-- Opening Marker --

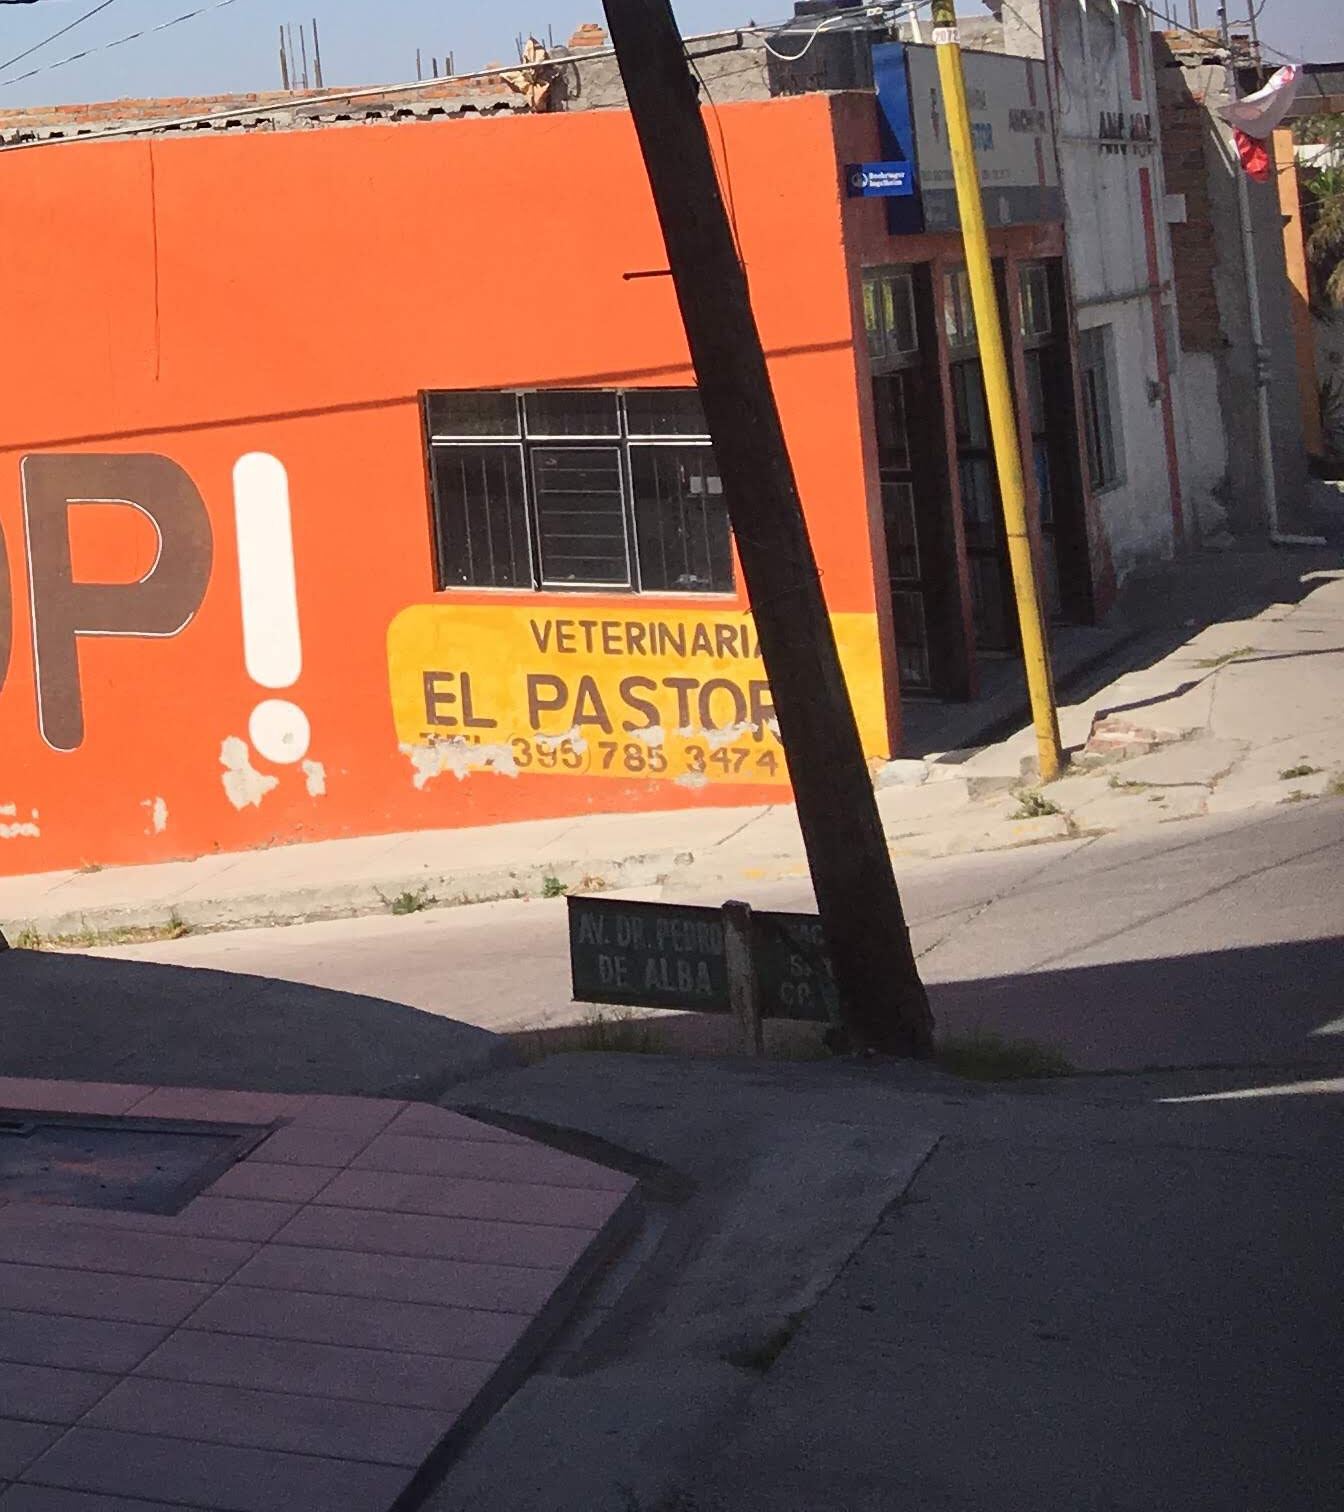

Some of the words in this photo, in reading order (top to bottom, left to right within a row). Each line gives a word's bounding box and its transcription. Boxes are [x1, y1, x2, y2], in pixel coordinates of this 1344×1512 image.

[422, 670, 497, 729] EL
[597, 740, 669, 774] 785
[577, 911, 611, 945] AV.
[656, 918, 722, 955] PEDRO
[598, 953, 628, 987] DE
[646, 957, 713, 996] ALBA

-- Closing Marker --

**The task**: Retype everything in the material word for word, minus pictures.

**Response**:
Some of the words in this photo, in reading order (top to bottom, left to right within a row). Each line gives a word's bounding box and its transcription. Boxes are [x1, y1, x2, y2], in pixel coordinates of this 1344×1512 image.

[422, 670, 497, 729] EL
[597, 740, 669, 774] 785
[577, 911, 611, 945] AV.
[656, 918, 722, 955] PEDRO
[598, 953, 628, 987] DE
[646, 957, 713, 996] ALBA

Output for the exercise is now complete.